Without including any pictures, return the records below exactly as written.

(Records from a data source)

▬▬▬▬▬▬

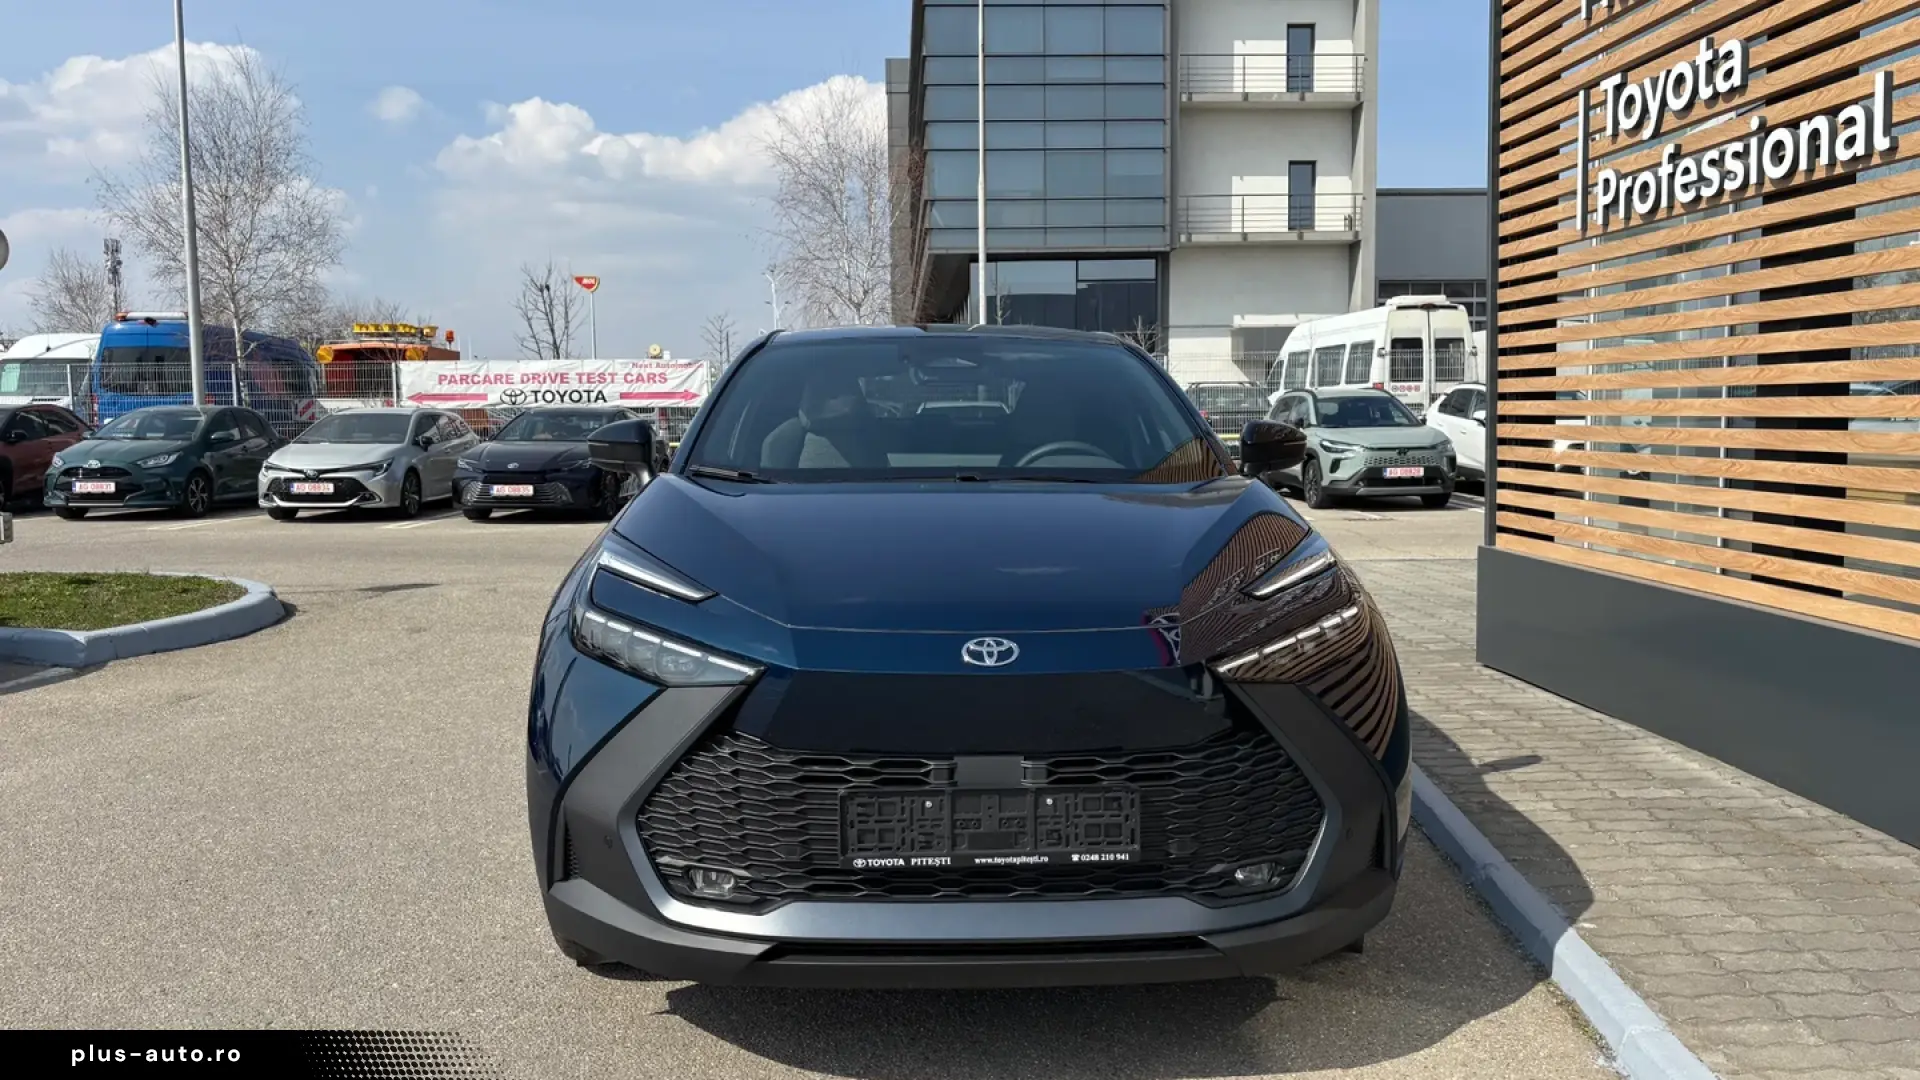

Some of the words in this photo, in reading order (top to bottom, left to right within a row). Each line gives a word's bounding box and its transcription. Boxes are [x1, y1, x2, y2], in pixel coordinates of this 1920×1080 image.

[1600, 36, 1750, 140] Toyota
[1596, 70, 1899, 226] Professional
[438, 373, 515, 385] PARCARE
[519, 372, 569, 385] DRIVE
[576, 372, 618, 385] TEST
[622, 372, 668, 384] CARS
[530, 389, 608, 404] TOYOTA
[867, 858, 905, 867] TOYOTA
[1080, 854, 1099, 862] 0248
[1101, 853, 1114, 861] 210
[1116, 853, 1129, 861] 941
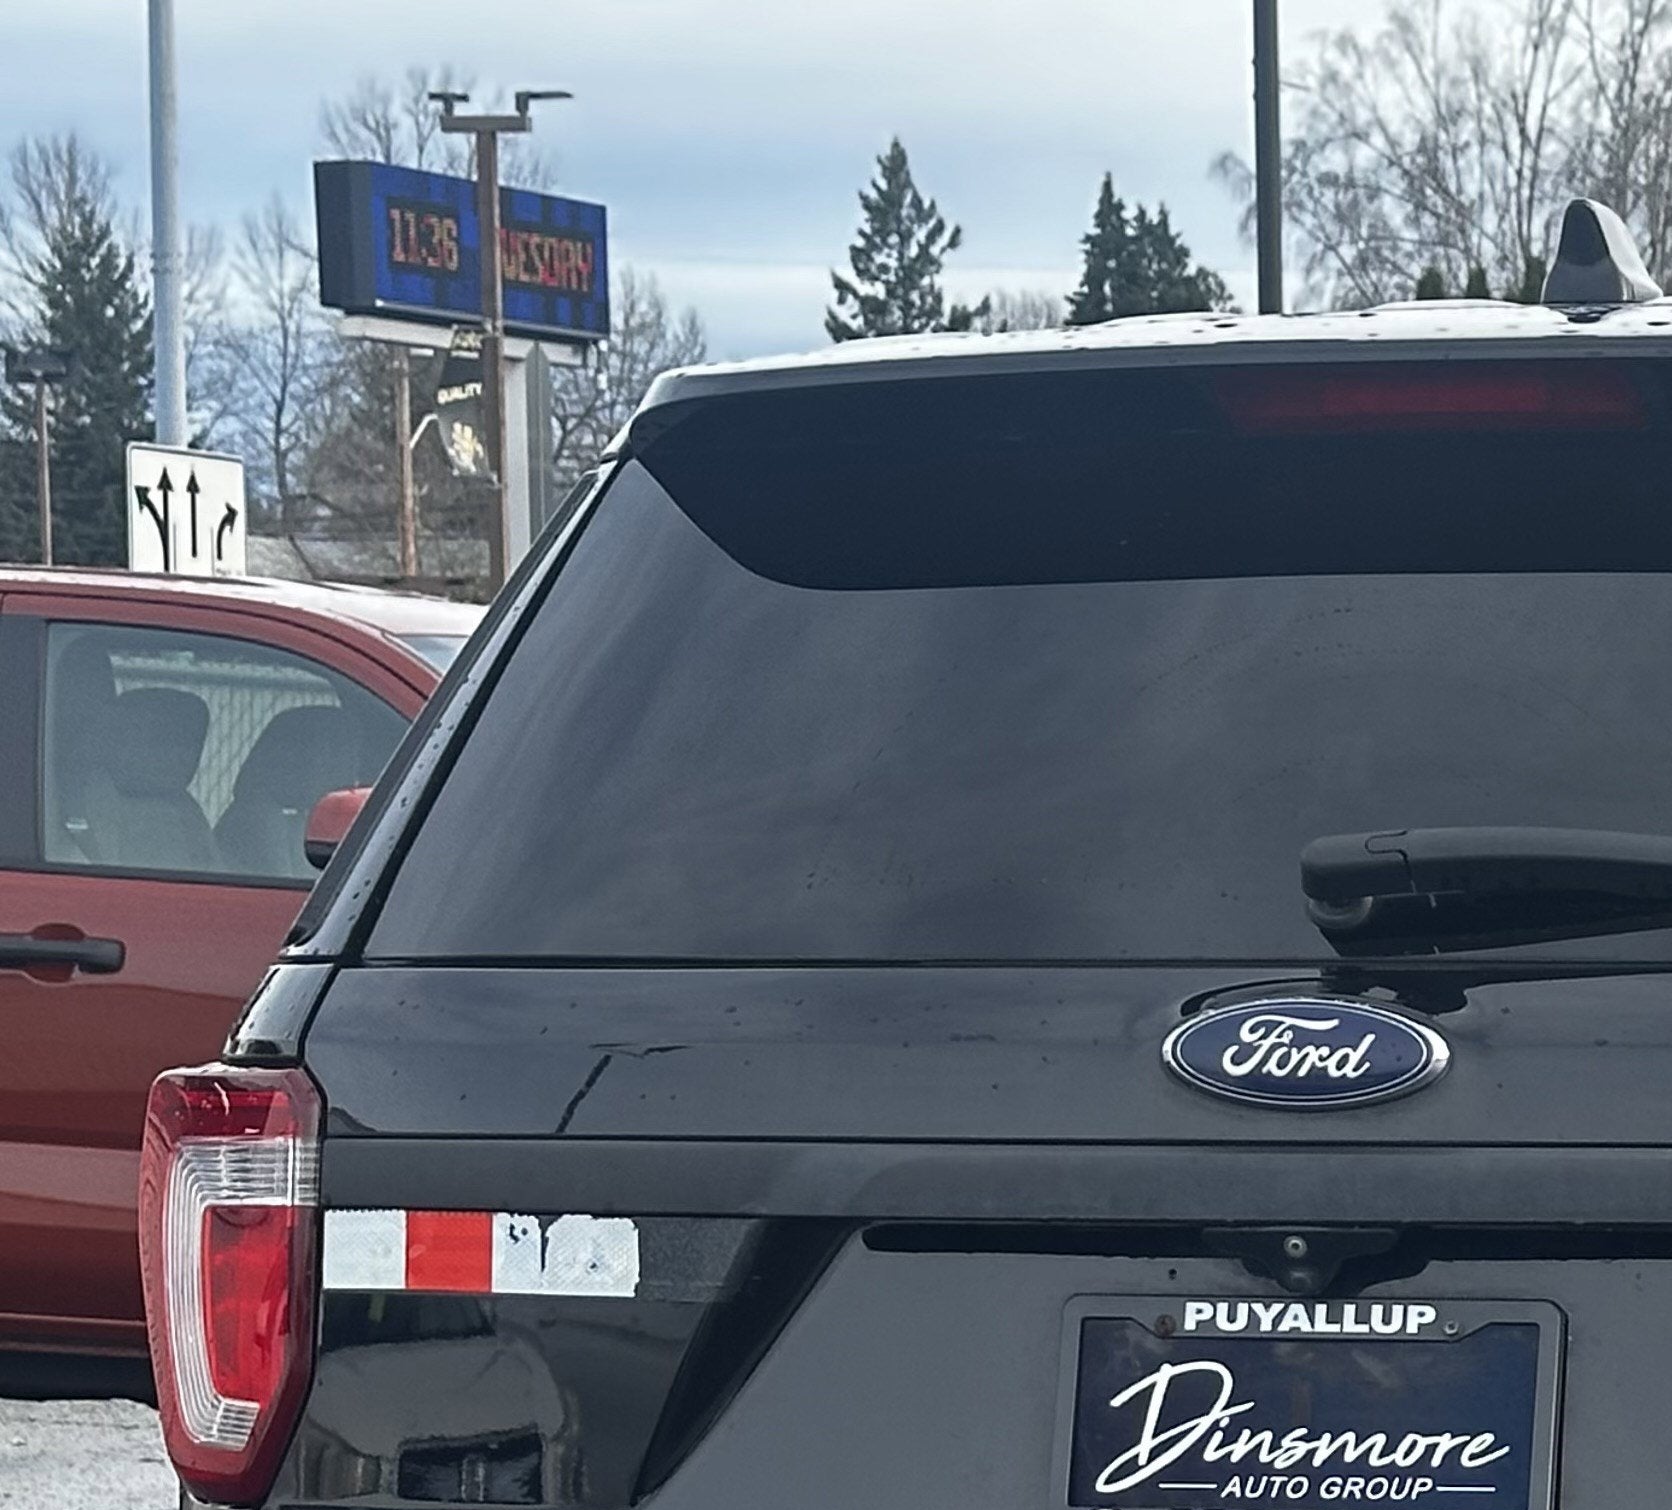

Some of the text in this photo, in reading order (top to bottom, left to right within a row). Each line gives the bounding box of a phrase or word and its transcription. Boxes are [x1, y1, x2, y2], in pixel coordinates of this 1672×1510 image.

▬▬▬▬▬▬

§ THE ANSWER:
Some of the words in this photo, in reading order (top to bottom, left to right within a row). Each line gives a word's bounding box and its transcription. Boxes are [x1, y1, x2, y2], in pixel coordinates of this 1920×1080 image.

[1600, 36, 1750, 140] Toyota
[1596, 70, 1899, 226] Professional
[438, 373, 515, 385] PARCARE
[519, 372, 569, 385] DRIVE
[576, 372, 618, 385] TEST
[622, 372, 668, 384] CARS
[530, 389, 608, 404] TOYOTA
[867, 858, 905, 867] TOYOTA
[1080, 854, 1099, 862] 0248
[1101, 853, 1114, 861] 210
[1116, 853, 1129, 861] 941

Some of the text in this photo, in reading order (top to bottom, left to right within a row). Each line gives the bounding box of a phrase or word and its transcription. Boxes are [x1, y1, x2, y2], in pixel coordinates of this 1672×1510 image.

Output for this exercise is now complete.